YOUR OBJECTIVE. Copy the following data exactly and drop the pictures.

Start of SUPPLIED RECORDS

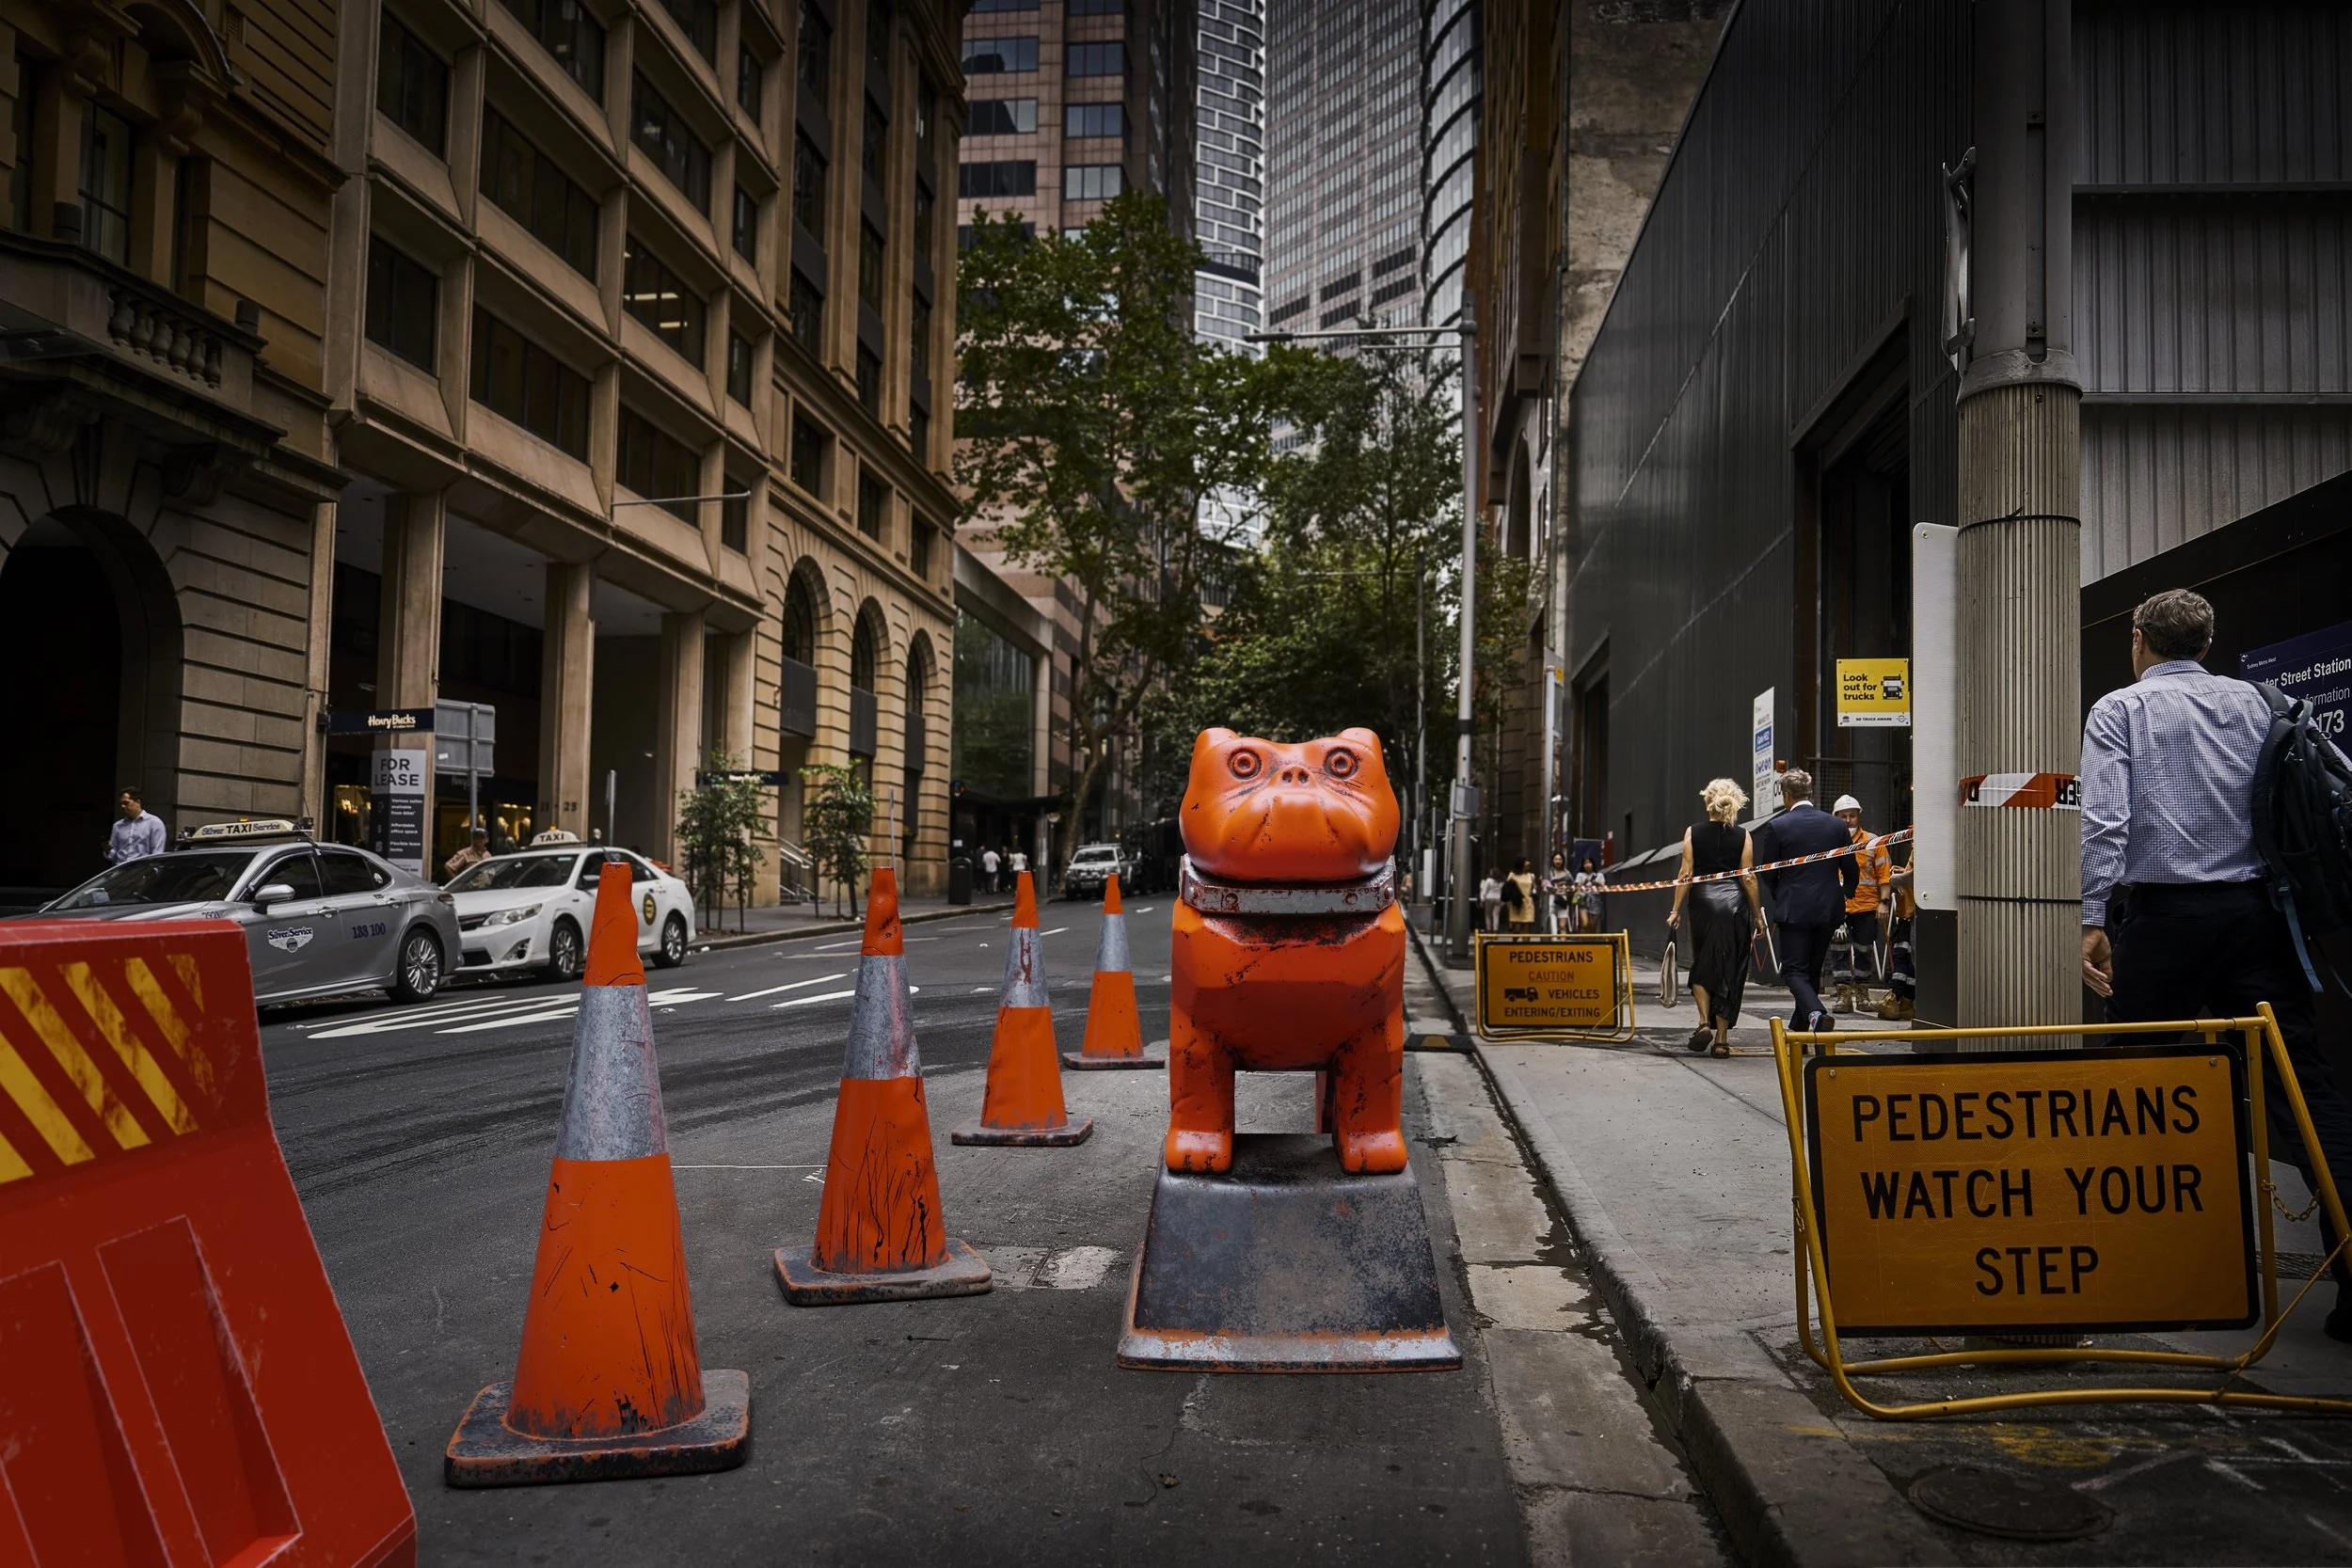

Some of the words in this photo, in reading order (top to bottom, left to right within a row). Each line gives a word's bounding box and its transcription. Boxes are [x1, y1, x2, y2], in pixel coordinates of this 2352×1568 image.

[2247, 660, 2258, 670] Sydney
[2258, 657, 2268, 667] Metro
[1843, 673, 1868, 682] Look
[2280, 666, 2312, 687] Street
[2313, 657, 2351, 678] Station
[1843, 692, 1875, 701] trucks
[368, 715, 392, 729] Henry
[391, 714, 416, 726] Bucks
[2316, 709, 2344, 734] 173
[380, 758, 410, 771] FOR
[374, 773, 420, 786] LEASE
[226, 824, 252, 834] TAXI
[539, 832, 564, 843] TAXI
[268, 929, 288, 940] Silver
[289, 927, 312, 938] Service
[369, 922, 386, 936] 100
[1509, 951, 1594, 963] PEDESTRIANS
[1528, 971, 1575, 981] CAUTION
[1548, 989, 1599, 1000] VEHICLES
[1504, 1006, 1600, 1018] ENTERING/EXITING
[1851, 1084, 2201, 1143] PEDESTRIANS
[1860, 1167, 2033, 1220] WATCH
[2063, 1163, 2204, 1215] YOUR
[1975, 1244, 2101, 1297] STEP
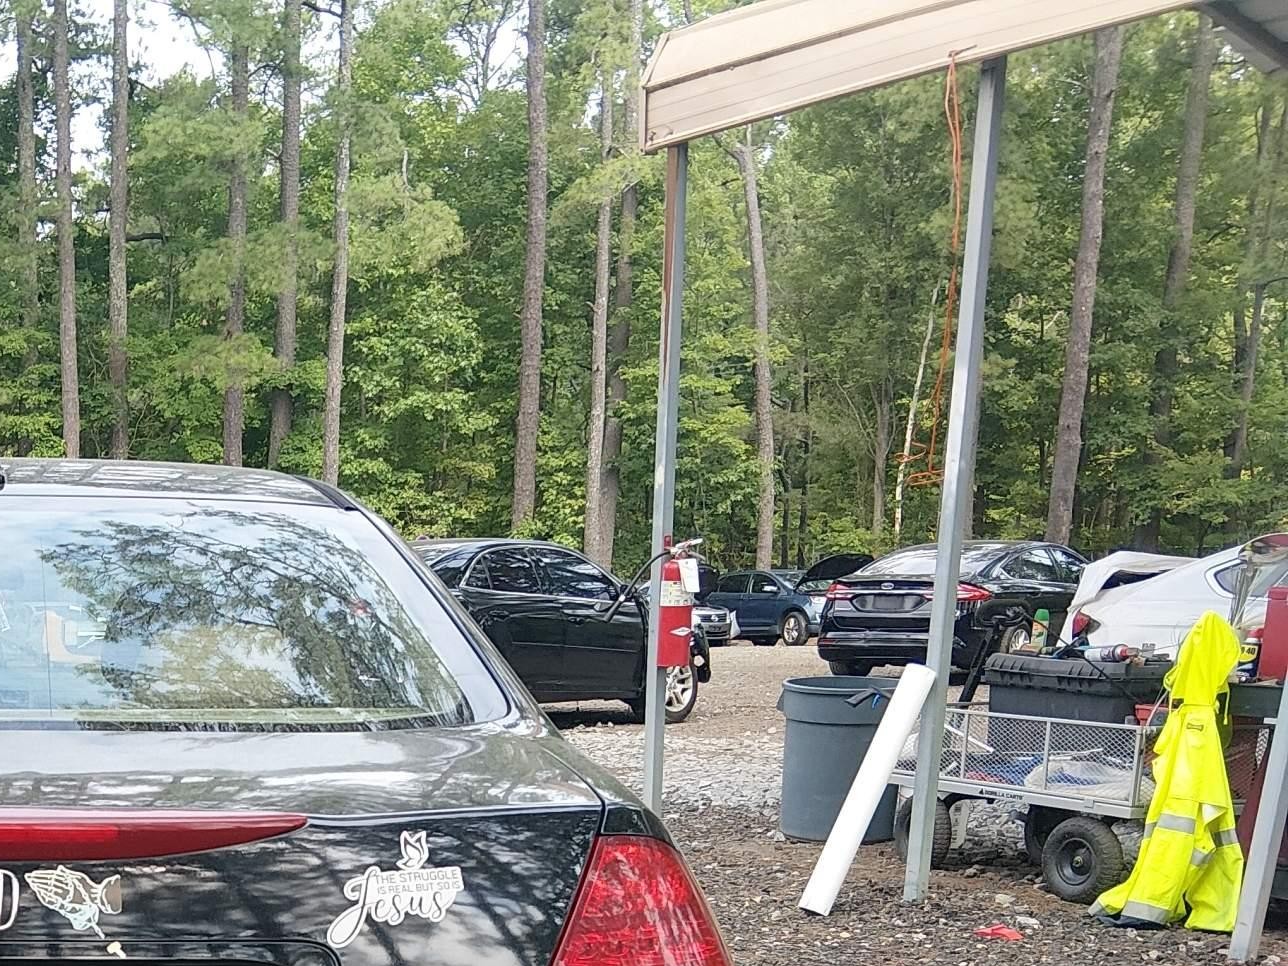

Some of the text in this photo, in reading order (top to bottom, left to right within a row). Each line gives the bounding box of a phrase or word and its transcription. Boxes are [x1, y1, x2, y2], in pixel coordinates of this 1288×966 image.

End of SUPPLIED RECORDS

TASK OUTPUT.
Some of the words in this photo, in reading order (top to bottom, left to right within a row). Each line gives a word's bounding box and its transcription. Boxes are [x1, y1, x2, y2], in pixel coordinates of this 2352×1568 image.

[2247, 660, 2258, 670] Sydney
[2258, 657, 2268, 667] Metro
[1843, 673, 1868, 682] Look
[2280, 666, 2312, 687] Street
[2313, 657, 2351, 678] Station
[1843, 692, 1875, 701] trucks
[368, 715, 392, 729] Henry
[391, 714, 416, 726] Bucks
[2316, 709, 2344, 734] 173
[380, 758, 410, 771] FOR
[374, 773, 420, 786] LEASE
[226, 824, 252, 834] TAXI
[539, 832, 564, 843] TAXI
[268, 929, 288, 940] Silver
[289, 927, 312, 938] Service
[369, 922, 386, 936] 100
[1509, 951, 1594, 963] PEDESTRIANS
[1528, 971, 1575, 981] CAUTION
[1548, 989, 1599, 1000] VEHICLES
[1504, 1006, 1600, 1018] ENTERING/EXITING
[1851, 1084, 2201, 1143] PEDESTRIANS
[1860, 1167, 2033, 1220] WATCH
[2063, 1163, 2204, 1215] YOUR
[1975, 1244, 2101, 1297] STEP

Some of the text in this photo, in reading order (top to bottom, left to right within a row). Each line gives the bounding box of a phrase or word and its transcription. Boxes are [x1, y1, x2, y2], in pixel coordinates of this 1288×966 image.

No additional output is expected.